Le bon créneau : avant 10 h, et le matin bat le soir
Entre 12 h et 17 h, c'est non. Point. Restent deux fenêtres : avant 10 h ou après 20 h. Et contrairement à l'intuition, le matin gagne nettement :
- L'air est au plus frais entre 6 h et 8 h, souvent 8 à 10 °C sous le pic de l'après-midi.
- L'ozone, ce polluant qui irrite les bronches à l'effort, se forme au fil de la journée sous l'action du soleil et culmine entre 14 h et 20 h : le jogging de 20 h 30 se court dans un air encore chargé, celui de 7 h dans un air propre.
- Le soir, sol et murs continuent de rayonner la chaleur emmagasinée : à température d'air égale, il fait plus chaud à 21 h qu'à 7 h.
Séance tardive quand même ? Elle repousse l'endormissement d'une à deux heures. Nos conseils pour dormir quand il fait chaud ne feront pas de miracle après un fractionné à 22 h.
28, 32, 35 °C : les trois seuils qui décident
Retenez cette échelle simple :
- En dessous de 28 °C : séance normale, hydratation renforcée.
- 28 à 32 °C : réduisez l'intensité de 30 % (allure, charge ou durée) et raccourcissez la séance. Oubliez le fractionné et les records.
- 32 à 35 °C : activité douce uniquement — marche à l'ombre, natation, mobilité en intérieur. La séance de course ou de vélo intensive attendra.
- Au-delà de 35 °C : reportez. Aucun entraînement ne vaut un coup de chaleur d'effort.
Ces seuils valent pour un adulte en bonne santé et acclimaté (comptez 10 à 14 jours d'exposition progressive pour s'acclimater). Plus de 60 ans, traitement en cours, surpoids, reprise après une pause ? Abaissez chaque seuil de 2 à 3 °C — et vérifiez votre profil avec Mon risque chaleur.
L'hydratation qui compte : avant, pendant, après
La soif arrive quand vous avez déjà perdu 1 % de votre poids en eau. Anticipez :
- Avant : 300 à 500 ml dans l'heure qui précède la sortie.
- Pendant : 150 ml toutes les 15 à 20 minutes, soit environ 500 ml par heure. Petites gorgées, pas de demi-litre d'un coup.
- Au-delà d'une heure d'effort : l'eau pure ne suffit plus. Ajoutez une pincée de sel dans le bidon ou passez à une boisson d'effort, sinon crampes et hyponatrémie vous guettent.

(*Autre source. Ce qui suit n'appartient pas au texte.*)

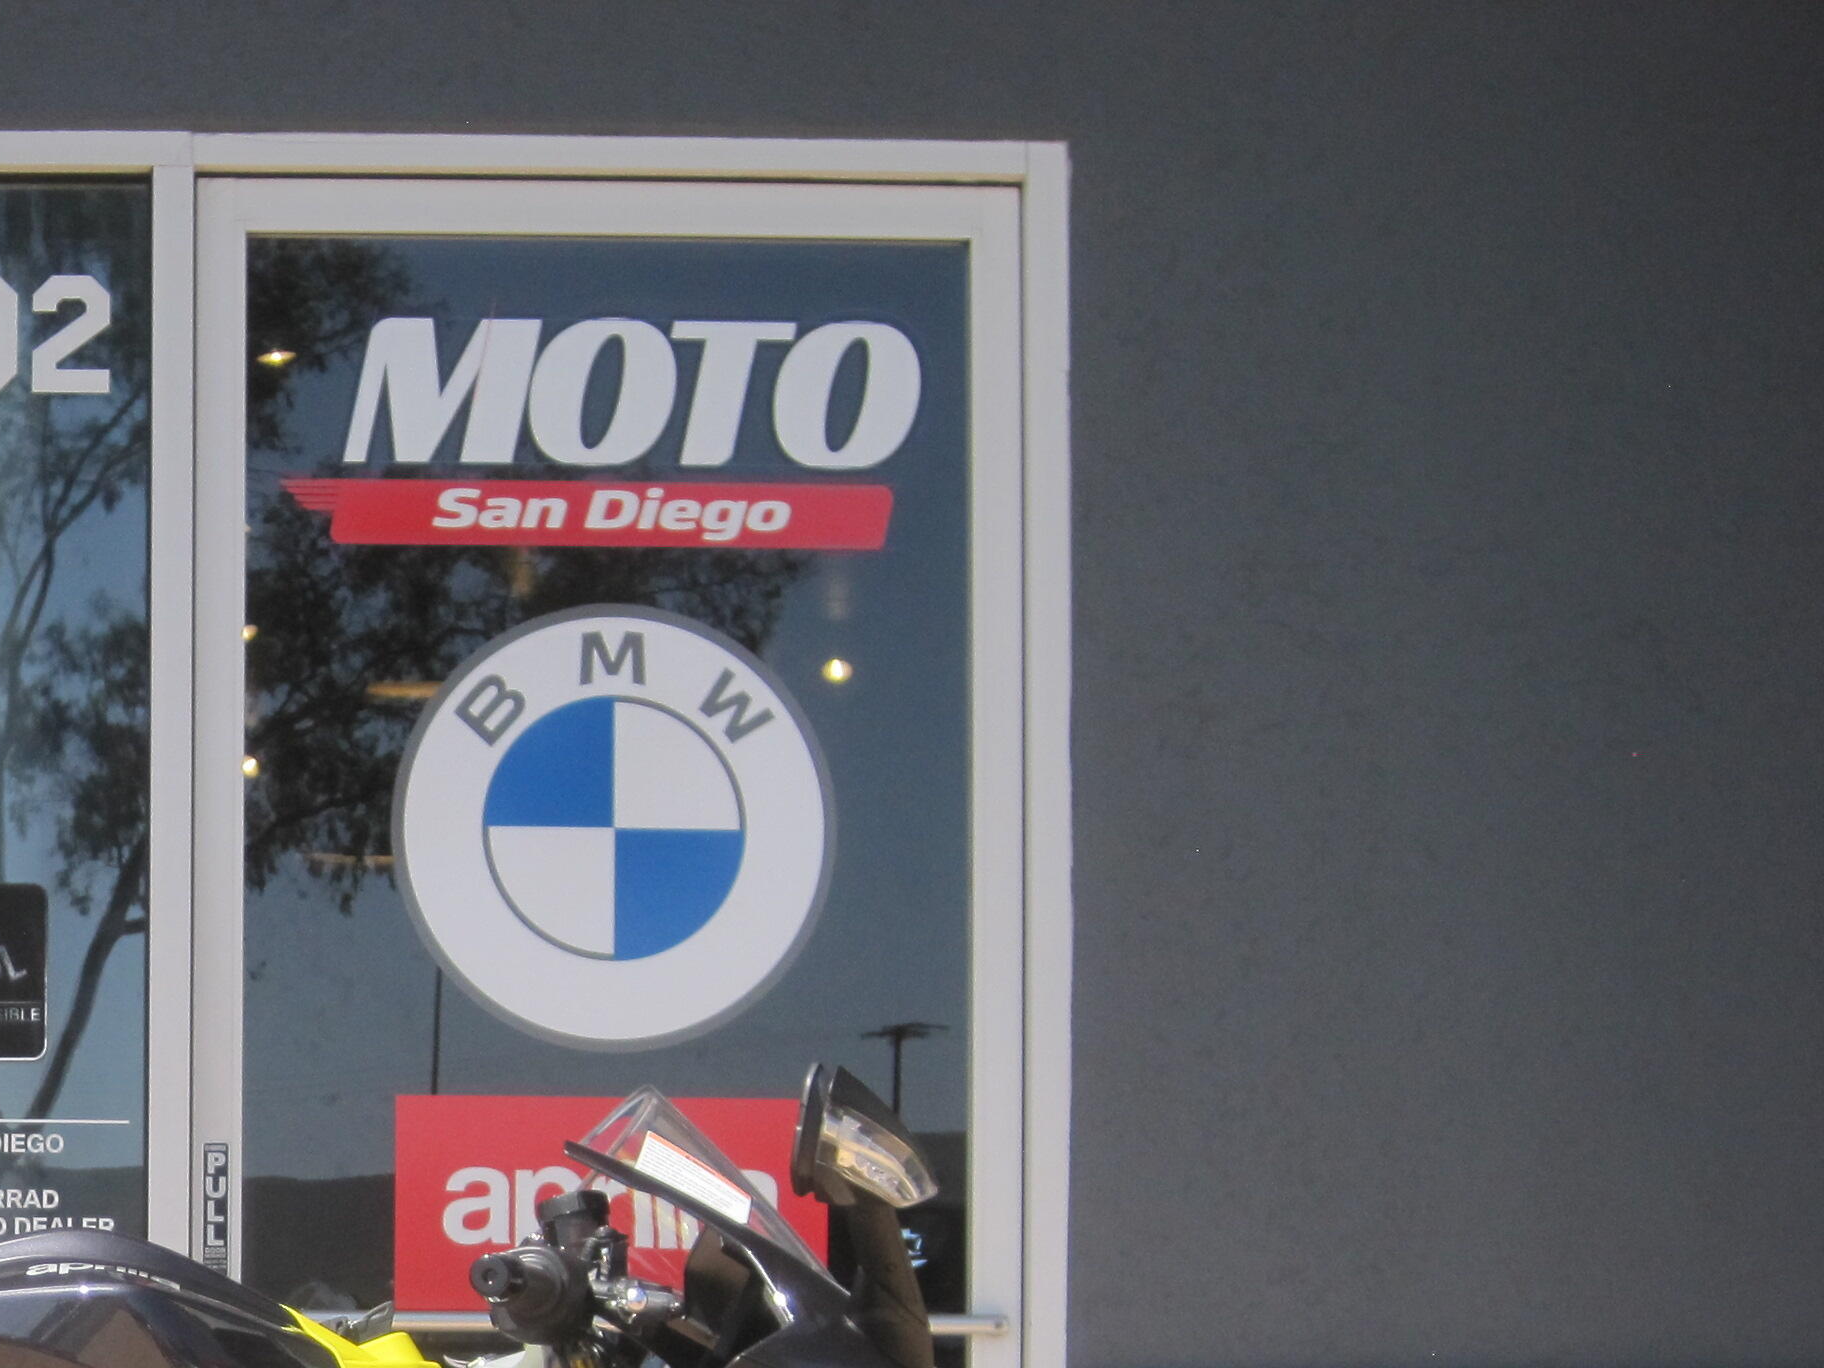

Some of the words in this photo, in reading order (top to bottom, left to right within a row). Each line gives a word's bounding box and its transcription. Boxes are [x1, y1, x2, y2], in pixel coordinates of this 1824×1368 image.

[342, 317, 922, 469] MOTO
[432, 487, 565, 530] San
[584, 488, 791, 541] Diego
[454, 631, 776, 747] BMW
[205, 1152, 226, 1246] PULL
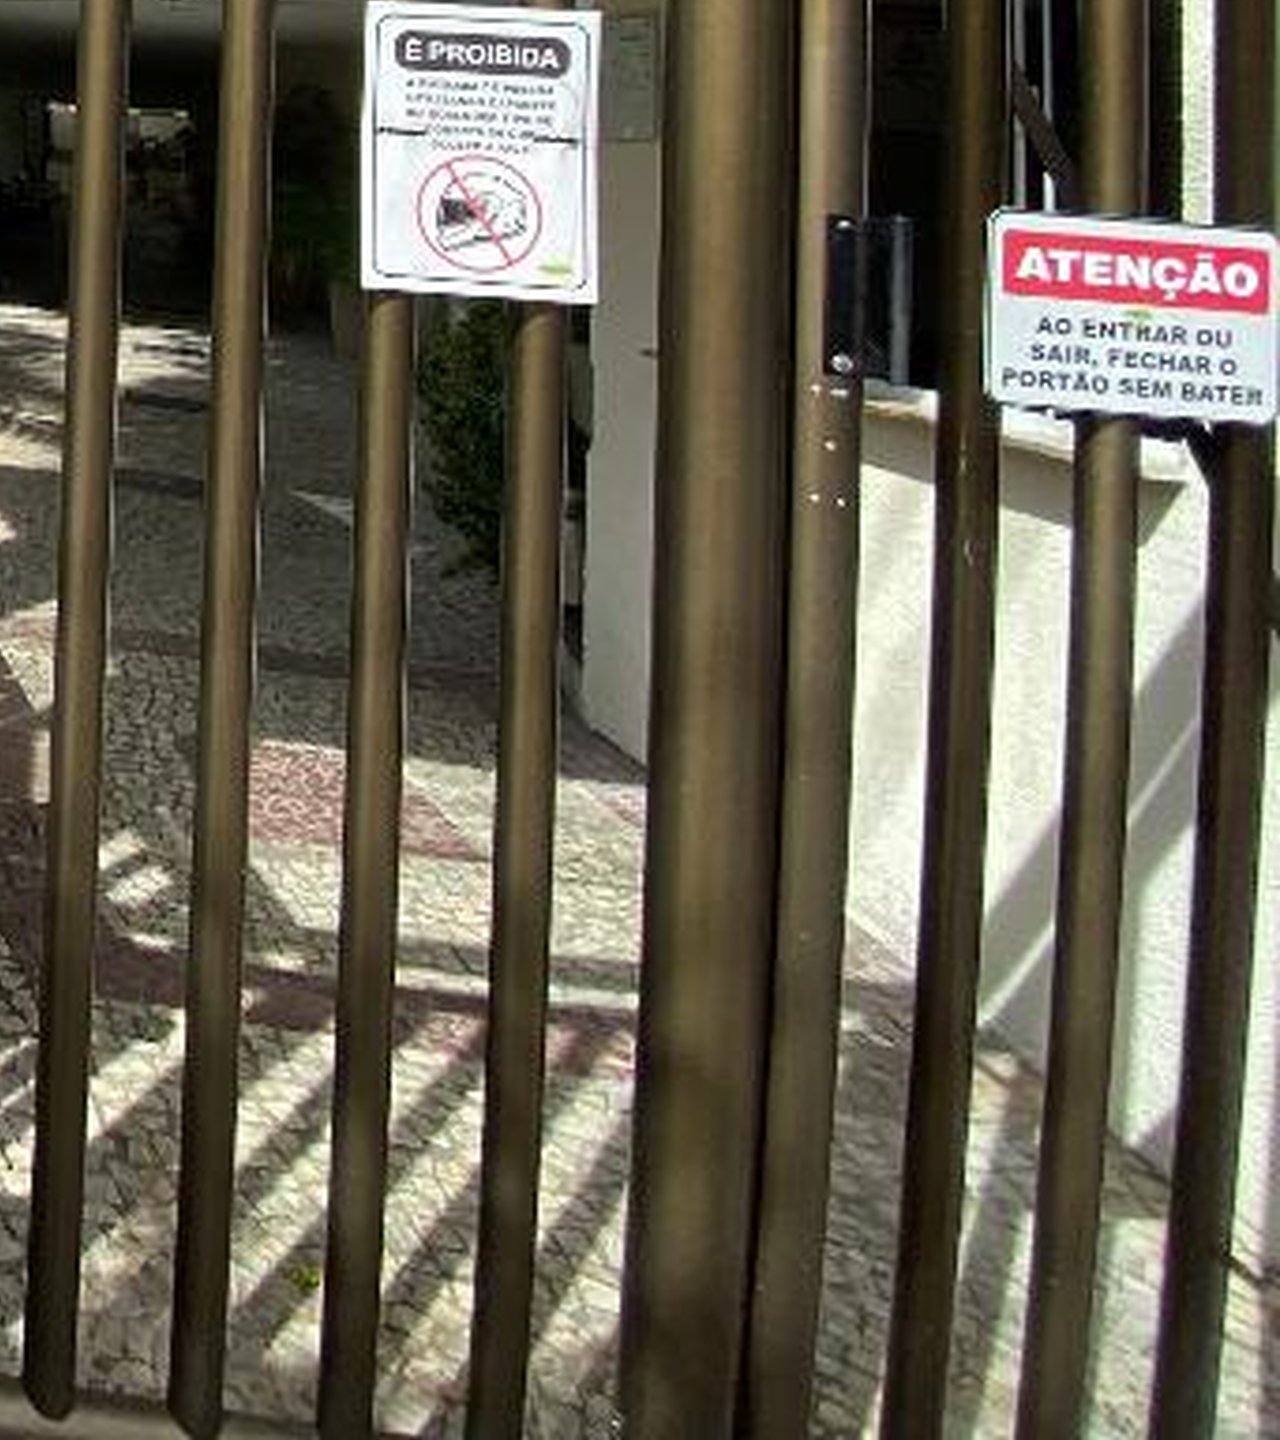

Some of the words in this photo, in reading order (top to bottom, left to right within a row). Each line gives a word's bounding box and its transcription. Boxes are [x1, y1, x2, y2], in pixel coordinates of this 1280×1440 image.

- Après : pesez-vous. Chaque kilo perdu = 1,5 litre à boire.
S'équiper contre le soleil, pas seulement contre la chaleur
- Vêtements clairs, amples, respirants — le coton trempé colle et n'évacue plus rien.
- Casquette ou visière + lunettes, non négociables en plein jour.
- Crème solaire indice 50 sur les zones exposées : un coup de soleil dégrade la capacité de la peau à évacuer la chaleur pendant plusieurs jours.
- Tracez un parcours avec ombre et points d'eau repérés à l'avance (fontaines, cimetières, parcs). En ville, une rue ombragée fait gagner 5 à 10 °C ressentis.
Les signaux qui imposent l'arrêt immédiat
Le coup de chaleur d'effort touche des sportifs jeunes et entraînés — c'est l'une des rares urgences vitales du sport amateur. Stoppez net si vous ressentez :
- Frissons ou chair de poule pendant l'effort — signal paradoxal et gravissime.
- Arrêt de la transpiration, peau qui devient sèche et brûlante.
- Maux de tête, nausées, confusion, coordination qui se dégrade.
Dans ce cas : à l'ombre, allongé, refroidissement immédiat (eau sur tout le corps, glace sur nuque, aisselles et aines) et appel au 15 si les symptômes ne cèdent pas en quelques minutes. Apprenez à reconnaître un coup de chaleur avant qu'il ne vous concerne : sur le terrain, c'est souvent le partenaire d'entraînement qui repère les signes en premier. Raison de plus pour ne jamais sortir seul au-dessus de 30 °C.